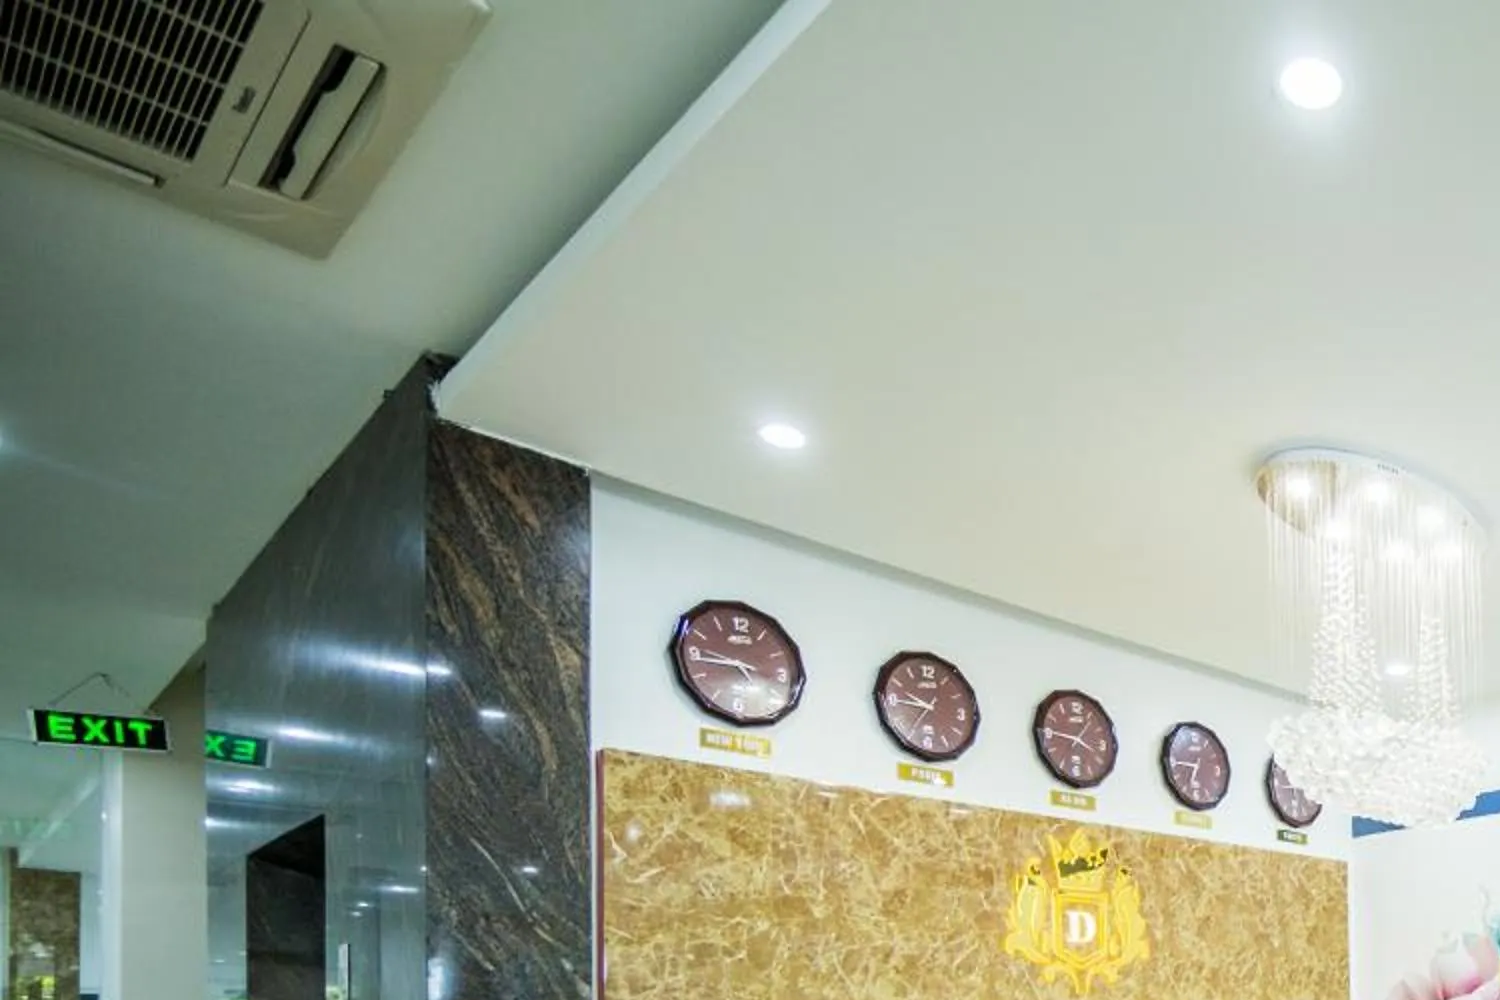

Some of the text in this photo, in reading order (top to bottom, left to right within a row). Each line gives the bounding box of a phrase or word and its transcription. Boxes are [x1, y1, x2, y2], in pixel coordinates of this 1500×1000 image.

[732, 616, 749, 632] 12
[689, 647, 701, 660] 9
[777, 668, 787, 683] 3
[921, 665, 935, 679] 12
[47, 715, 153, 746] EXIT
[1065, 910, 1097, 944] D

====

> [TASK TO COMPLETE]:
The pictures in the entries above should be left out; all else must be copied exactly.

> [TASK OUTPUT]:
Some of the text in this photo, in reading order (top to bottom, left to right within a row). Each line gives the bounding box of a phrase or word and its transcription. Boxes are [x1, y1, x2, y2], in pixel coordinates of this 1500×1000 image.

[732, 616, 749, 632] 12
[689, 647, 701, 660] 9
[777, 668, 787, 683] 3
[921, 665, 935, 679] 12
[47, 715, 153, 746] EXIT
[1065, 910, 1097, 944] D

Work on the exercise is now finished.